Personal information
- Born: October 27, 1970 (age 55) Milwaukee, Wisconsin, U.S.
- Listed height: 6 ft 2 in (1.88 m)
- Listed weight: 305 lb (138 kg)

Career information
- High school: Harold S. Vincent (Milwaukee)
- College: Wisconsin
- NFL draft: 1993: 5th round, 127th overall pick

Career history
- Los Angeles/St. Louis Rams (1993–1996); New Orleans Saints (1997)*; Amsterdam Admirals (1998);
- * Offseason or practice squad member only

Awards and highlights
- First-team All-Big Ten (1992); Second-team All-Big Ten (1991);

Career NFL statistics
- Games played: 21
- Games started: 6
- Fumble recoveries: 1
- Stats at Pro Football Reference

= Chuck Belin =

American football player (born 1970)

Charles Edward Belin (born October 27, 1970) is an American former professional football player who was a guard in the National Football League (NFL).
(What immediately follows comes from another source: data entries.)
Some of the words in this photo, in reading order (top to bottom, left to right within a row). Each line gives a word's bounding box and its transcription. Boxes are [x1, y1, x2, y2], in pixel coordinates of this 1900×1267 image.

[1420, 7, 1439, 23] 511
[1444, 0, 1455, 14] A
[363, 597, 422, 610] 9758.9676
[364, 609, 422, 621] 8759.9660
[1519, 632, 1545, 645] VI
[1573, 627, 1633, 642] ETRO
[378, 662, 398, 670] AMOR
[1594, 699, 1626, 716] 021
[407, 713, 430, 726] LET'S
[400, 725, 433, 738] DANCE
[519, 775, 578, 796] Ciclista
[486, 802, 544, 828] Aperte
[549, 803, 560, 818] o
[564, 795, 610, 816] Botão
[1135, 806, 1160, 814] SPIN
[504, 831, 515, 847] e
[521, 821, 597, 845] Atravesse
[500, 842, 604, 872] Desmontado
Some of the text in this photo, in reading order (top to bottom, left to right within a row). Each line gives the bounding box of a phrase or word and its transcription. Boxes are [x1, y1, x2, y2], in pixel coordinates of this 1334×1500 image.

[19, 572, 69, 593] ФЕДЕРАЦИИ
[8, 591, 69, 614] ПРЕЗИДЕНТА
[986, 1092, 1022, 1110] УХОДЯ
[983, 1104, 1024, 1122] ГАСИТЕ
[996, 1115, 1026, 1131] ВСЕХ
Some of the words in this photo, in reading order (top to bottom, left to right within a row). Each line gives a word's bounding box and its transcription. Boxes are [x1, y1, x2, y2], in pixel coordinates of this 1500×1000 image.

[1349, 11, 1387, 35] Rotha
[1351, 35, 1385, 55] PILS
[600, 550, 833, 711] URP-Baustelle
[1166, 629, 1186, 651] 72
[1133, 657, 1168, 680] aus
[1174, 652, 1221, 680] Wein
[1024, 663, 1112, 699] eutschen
Belin played college football for the Wisconsin Badgers. He was selected by the Los Angeles Rams in the fifth round of the 1993 NFL draft and was a member of the team that season, but did not see any playing time during a regular season game. He played with the team for three more seasons. During that time the team moved from Los Angeles to St. Louis, Missouri.